Start of Source material

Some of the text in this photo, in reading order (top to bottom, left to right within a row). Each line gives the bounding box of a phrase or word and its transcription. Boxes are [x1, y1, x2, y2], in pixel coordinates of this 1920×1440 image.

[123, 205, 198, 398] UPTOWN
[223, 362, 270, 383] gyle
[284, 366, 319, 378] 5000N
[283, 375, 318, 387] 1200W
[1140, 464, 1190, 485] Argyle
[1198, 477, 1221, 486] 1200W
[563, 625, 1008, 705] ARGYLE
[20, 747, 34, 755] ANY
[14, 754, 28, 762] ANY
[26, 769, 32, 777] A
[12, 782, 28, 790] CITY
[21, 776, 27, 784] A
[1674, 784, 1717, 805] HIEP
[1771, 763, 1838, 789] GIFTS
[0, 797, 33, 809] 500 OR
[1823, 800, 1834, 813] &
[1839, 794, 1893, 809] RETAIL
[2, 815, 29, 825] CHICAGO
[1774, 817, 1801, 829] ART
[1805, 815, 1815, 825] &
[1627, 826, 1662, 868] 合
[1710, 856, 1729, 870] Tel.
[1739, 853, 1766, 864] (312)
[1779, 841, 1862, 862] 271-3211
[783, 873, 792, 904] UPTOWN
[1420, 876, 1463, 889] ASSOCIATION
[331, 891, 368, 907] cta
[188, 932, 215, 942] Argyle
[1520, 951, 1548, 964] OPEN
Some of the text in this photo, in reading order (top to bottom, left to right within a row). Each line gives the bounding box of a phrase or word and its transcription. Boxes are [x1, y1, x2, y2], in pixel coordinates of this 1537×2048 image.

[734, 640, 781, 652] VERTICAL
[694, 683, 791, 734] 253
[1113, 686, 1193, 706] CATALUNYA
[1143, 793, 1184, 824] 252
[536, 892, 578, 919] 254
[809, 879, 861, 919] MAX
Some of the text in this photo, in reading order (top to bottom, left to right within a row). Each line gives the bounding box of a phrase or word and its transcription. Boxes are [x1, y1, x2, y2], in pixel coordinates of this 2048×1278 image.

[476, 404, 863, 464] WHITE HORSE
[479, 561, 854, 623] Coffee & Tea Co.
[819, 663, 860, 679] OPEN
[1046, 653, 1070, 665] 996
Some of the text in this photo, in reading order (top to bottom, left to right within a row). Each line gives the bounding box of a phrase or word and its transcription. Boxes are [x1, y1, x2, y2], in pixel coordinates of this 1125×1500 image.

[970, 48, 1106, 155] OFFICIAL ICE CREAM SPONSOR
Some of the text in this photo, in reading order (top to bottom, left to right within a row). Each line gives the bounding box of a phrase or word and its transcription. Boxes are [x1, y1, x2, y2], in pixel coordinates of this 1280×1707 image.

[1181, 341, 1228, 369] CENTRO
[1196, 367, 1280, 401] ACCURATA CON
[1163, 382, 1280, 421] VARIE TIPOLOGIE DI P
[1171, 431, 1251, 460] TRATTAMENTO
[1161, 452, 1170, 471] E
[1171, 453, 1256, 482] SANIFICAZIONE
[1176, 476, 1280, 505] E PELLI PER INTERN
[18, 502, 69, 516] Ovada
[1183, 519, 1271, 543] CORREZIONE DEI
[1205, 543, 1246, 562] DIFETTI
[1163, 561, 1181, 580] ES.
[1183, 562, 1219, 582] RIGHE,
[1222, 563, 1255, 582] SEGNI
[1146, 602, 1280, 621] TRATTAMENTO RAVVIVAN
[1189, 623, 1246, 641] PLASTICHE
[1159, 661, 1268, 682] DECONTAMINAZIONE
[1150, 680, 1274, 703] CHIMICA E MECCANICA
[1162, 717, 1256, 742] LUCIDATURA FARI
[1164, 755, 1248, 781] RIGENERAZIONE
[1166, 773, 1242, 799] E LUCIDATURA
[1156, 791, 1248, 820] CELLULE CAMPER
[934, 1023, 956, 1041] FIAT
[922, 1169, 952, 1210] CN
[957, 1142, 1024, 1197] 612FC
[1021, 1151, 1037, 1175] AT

End of Source material

- [Action item]: Your answer should be the full set of records above, restated exactly.

- [Answer box]:
Some of the text in this photo, in reading order (top to bottom, left to right within a row). Each line gives the bounding box of a phrase or word and its transcription. Boxes are [x1, y1, x2, y2], in pixel coordinates of this 1920×1440 image.

[123, 205, 198, 398] UPTOWN
[223, 362, 270, 383] gyle
[284, 366, 319, 378] 5000N
[283, 375, 318, 387] 1200W
[1140, 464, 1190, 485] Argyle
[1198, 477, 1221, 486] 1200W
[563, 625, 1008, 705] ARGYLE
[20, 747, 34, 755] ANY
[14, 754, 28, 762] ANY
[26, 769, 32, 777] A
[12, 782, 28, 790] CITY
[21, 776, 27, 784] A
[1674, 784, 1717, 805] HIEP
[1771, 763, 1838, 789] GIFTS
[0, 797, 33, 809] 500 OR
[1823, 800, 1834, 813] &
[1839, 794, 1893, 809] RETAIL
[2, 815, 29, 825] CHICAGO
[1774, 817, 1801, 829] ART
[1805, 815, 1815, 825] &
[1627, 826, 1662, 868] 合
[1710, 856, 1729, 870] Tel.
[1739, 853, 1766, 864] (312)
[1779, 841, 1862, 862] 271-3211
[783, 873, 792, 904] UPTOWN
[1420, 876, 1463, 889] ASSOCIATION
[331, 891, 368, 907] cta
[188, 932, 215, 942] Argyle
[1520, 951, 1548, 964] OPEN
Some of the text in this photo, in reading order (top to bottom, left to right within a row). Each line gives the bounding box of a phrase or word and its transcription. Boxes are [x1, y1, x2, y2], in pixel coordinates of this 1537×2048 image.

[734, 640, 781, 652] VERTICAL
[694, 683, 791, 734] 253
[1113, 686, 1193, 706] CATALUNYA
[1143, 793, 1184, 824] 252
[536, 892, 578, 919] 254
[809, 879, 861, 919] MAX
Some of the text in this photo, in reading order (top to bottom, left to right within a row). Each line gives the bounding box of a phrase or word and its transcription. Boxes are [x1, y1, x2, y2], in pixel coordinates of this 2048×1278 image.

[476, 404, 863, 464] WHITE HORSE
[479, 561, 854, 623] Coffee & Tea Co.
[819, 663, 860, 679] OPEN
[1046, 653, 1070, 665] 996
Some of the text in this photo, in reading order (top to bottom, left to right within a row). Each line gives the bounding box of a phrase or word and its transcription. Boxes are [x1, y1, x2, y2], in pixel coordinates of this 1125×1500 image.

[970, 48, 1106, 155] OFFICIAL ICE CREAM SPONSOR
Some of the text in this photo, in reading order (top to bottom, left to right within a row). Each line gives the bounding box of a phrase or word and its transcription. Boxes are [x1, y1, x2, y2], in pixel coordinates of this 1280×1707 image.

[1181, 341, 1228, 369] CENTRO
[1196, 367, 1280, 401] ACCURATA CON
[1163, 382, 1280, 421] VARIE TIPOLOGIE DI P
[1171, 431, 1251, 460] TRATTAMENTO
[1161, 452, 1170, 471] E
[1171, 453, 1256, 482] SANIFICAZIONE
[1176, 476, 1280, 505] E PELLI PER INTERN
[18, 502, 69, 516] Ovada
[1183, 519, 1271, 543] CORREZIONE DEI
[1205, 543, 1246, 562] DIFETTI
[1163, 561, 1181, 580] ES.
[1183, 562, 1219, 582] RIGHE,
[1222, 563, 1255, 582] SEGNI
[1146, 602, 1280, 621] TRATTAMENTO RAVVIVAN
[1189, 623, 1246, 641] PLASTICHE
[1159, 661, 1268, 682] DECONTAMINAZIONE
[1150, 680, 1274, 703] CHIMICA E MECCANICA
[1162, 717, 1256, 742] LUCIDATURA FARI
[1164, 755, 1248, 781] RIGENERAZIONE
[1166, 773, 1242, 799] E LUCIDATURA
[1156, 791, 1248, 820] CELLULE CAMPER
[934, 1023, 956, 1041] FIAT
[922, 1169, 952, 1210] CN
[957, 1142, 1024, 1197] 612FC
[1021, 1151, 1037, 1175] AT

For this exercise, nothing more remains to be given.